→ Task goal:
Each entry must come back word for word; drop the images as you go.

→ Material provided:

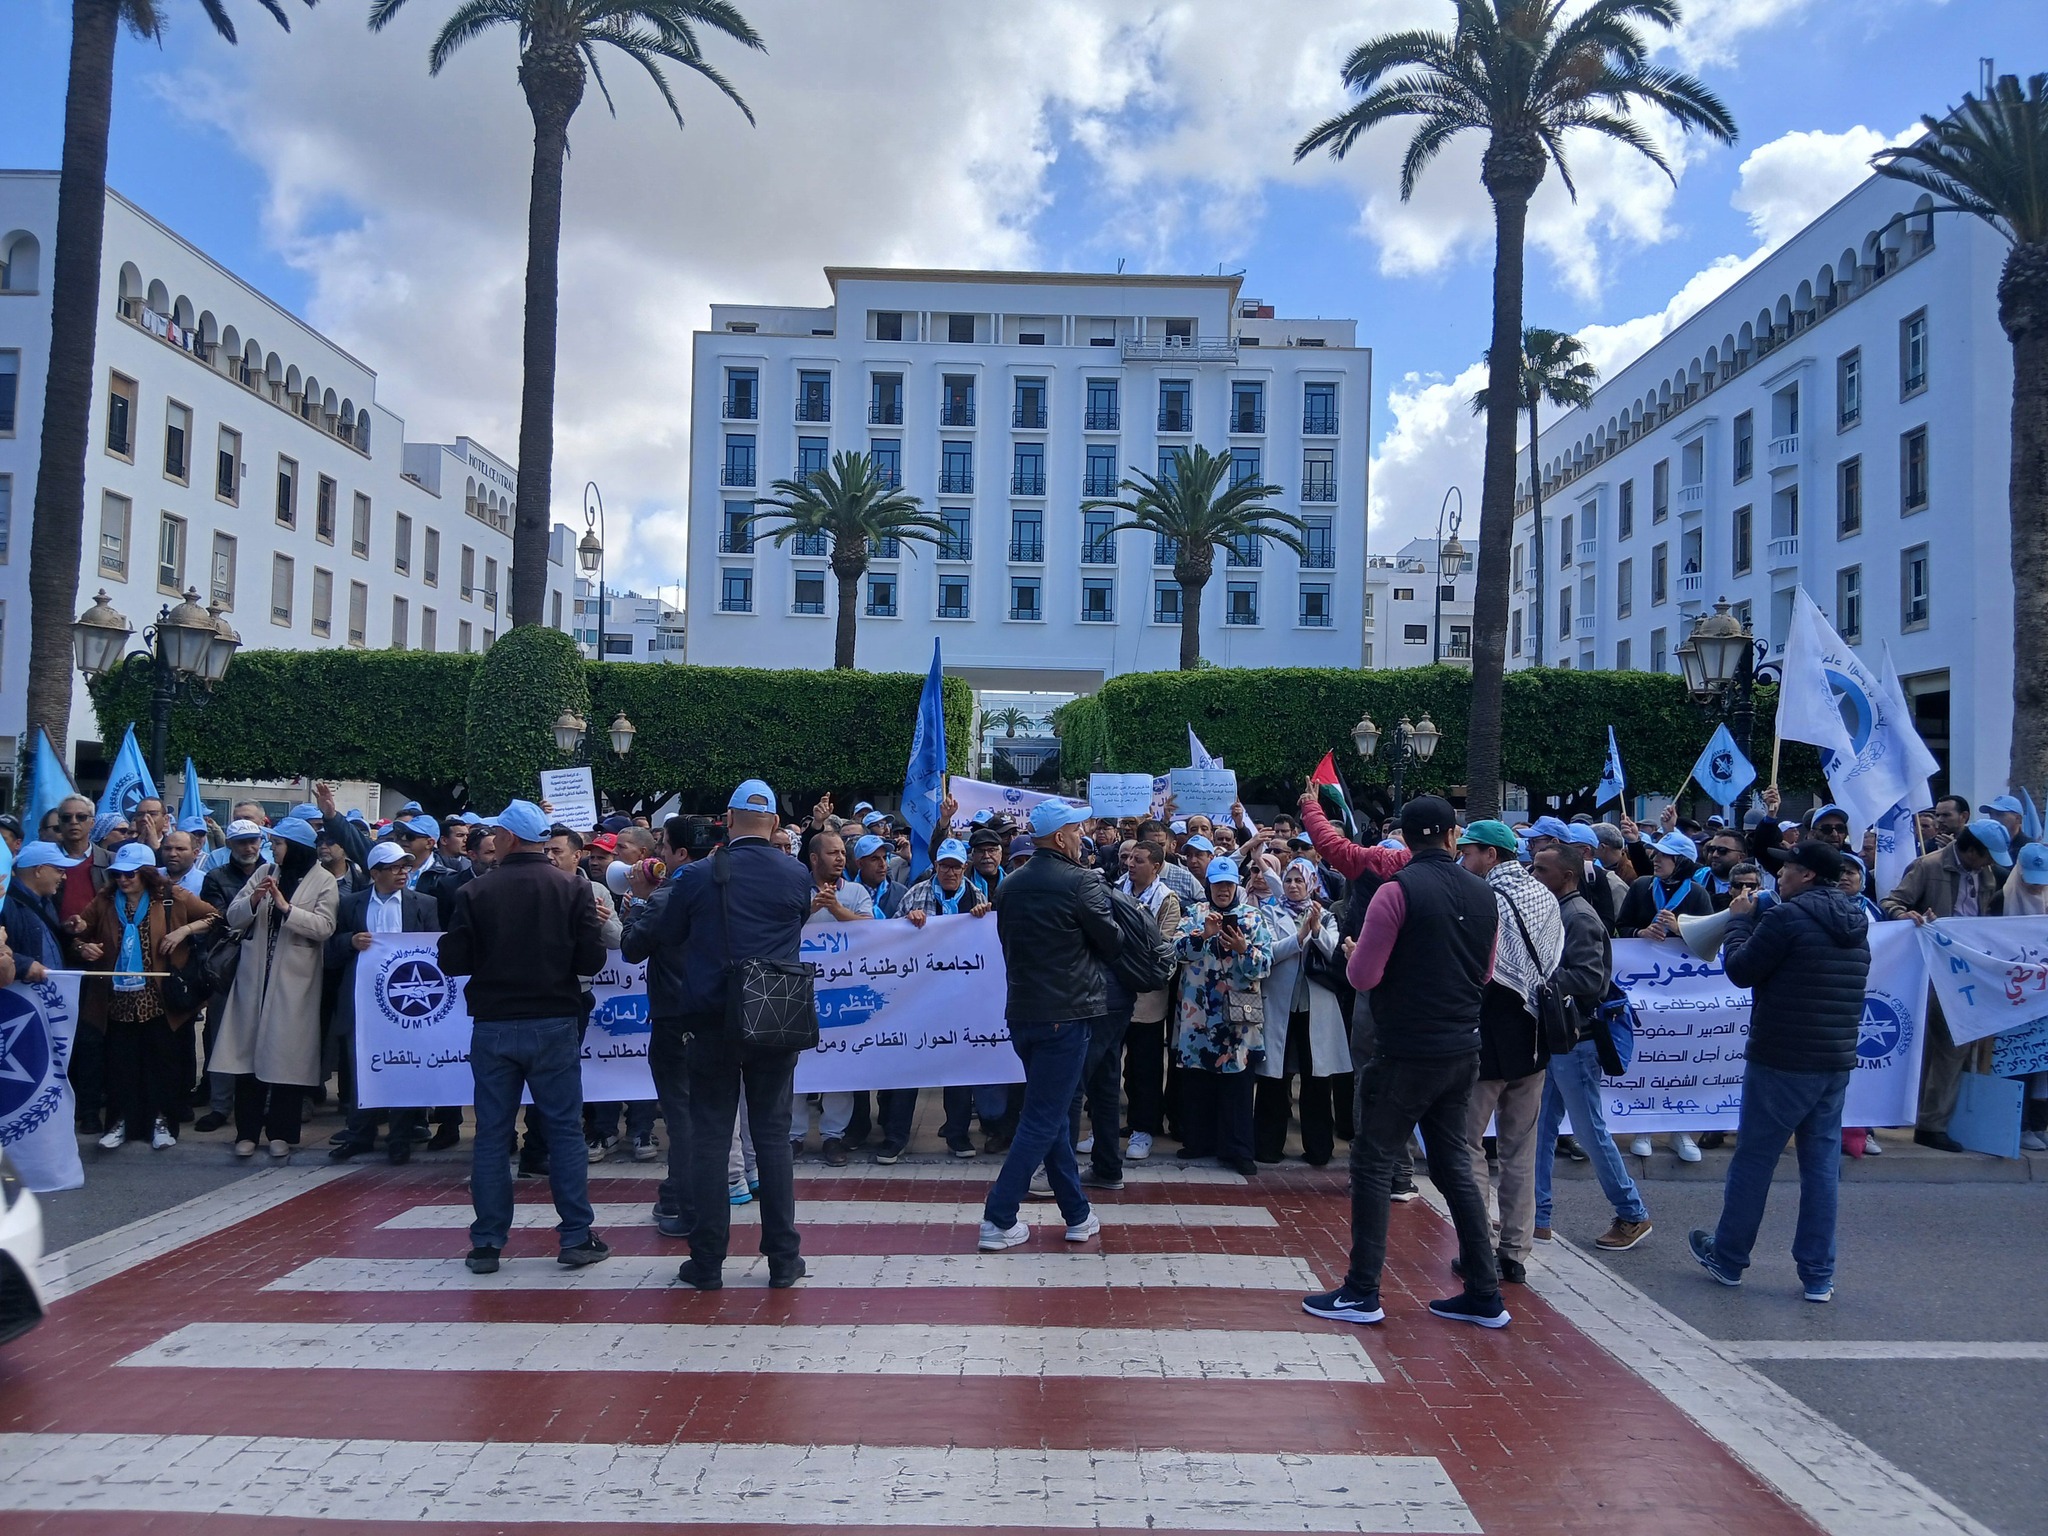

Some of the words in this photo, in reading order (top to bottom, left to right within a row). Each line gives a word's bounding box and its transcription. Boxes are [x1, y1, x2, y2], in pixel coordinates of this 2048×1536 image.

[469, 453, 489, 477] HOTEL
[489, 467, 515, 494] CENTRAL
[800, 931, 849, 954] الاتح
[813, 960, 853, 982] لموظ
[859, 957, 919, 981] الوطنية
[926, 953, 985, 975] الجامعة
[1615, 952, 1725, 991] لمغربي
[838, 993, 875, 1020] تنظم
[1653, 996, 1720, 1013] لموظفي
[1725, 994, 1753, 1011] طنية
[401, 1016, 432, 1029] UMT
[601, 1002, 648, 1025] رلمان
[914, 1030, 957, 1050] الحوار
[1697, 1022, 1735, 1039] التدبير
[597, 1043, 647, 1062] لمطالب
[816, 1038, 847, 1053] ومن
[851, 1032, 908, 1055] القطاعي
[370, 1049, 422, 1073] بالقطاع
[427, 1049, 471, 1069] عاملين
[1637, 1050, 1688, 1063] الحفاظ
[1693, 1046, 1720, 1064] أجل
[1610, 1097, 1655, 1116] الشرق
[1662, 1097, 1700, 1114] جهة
[1706, 1094, 1742, 1114] جلس

→ Response to the exercise:
Some of the words in this photo, in reading order (top to bottom, left to right within a row). Each line gives a word's bounding box and its transcription. Boxes are [x1, y1, x2, y2], in pixel coordinates of this 2048×1536 image.

[469, 453, 489, 477] HOTEL
[489, 467, 515, 494] CENTRAL
[800, 931, 849, 954] الاتح
[813, 960, 853, 982] لموظ
[859, 957, 919, 981] الوطنية
[926, 953, 985, 975] الجامعة
[1615, 952, 1725, 991] لمغربي
[838, 993, 875, 1020] تنظم
[1653, 996, 1720, 1013] لموظفي
[1725, 994, 1753, 1011] طنية
[401, 1016, 432, 1029] UMT
[601, 1002, 648, 1025] رلمان
[914, 1030, 957, 1050] الحوار
[1697, 1022, 1735, 1039] التدبير
[597, 1043, 647, 1062] لمطالب
[816, 1038, 847, 1053] ومن
[851, 1032, 908, 1055] القطاعي
[370, 1049, 422, 1073] بالقطاع
[427, 1049, 471, 1069] عاملين
[1637, 1050, 1688, 1063] الحفاظ
[1693, 1046, 1720, 1064] أجل
[1610, 1097, 1655, 1116] الشرق
[1662, 1097, 1700, 1114] جهة
[1706, 1094, 1742, 1114] جلس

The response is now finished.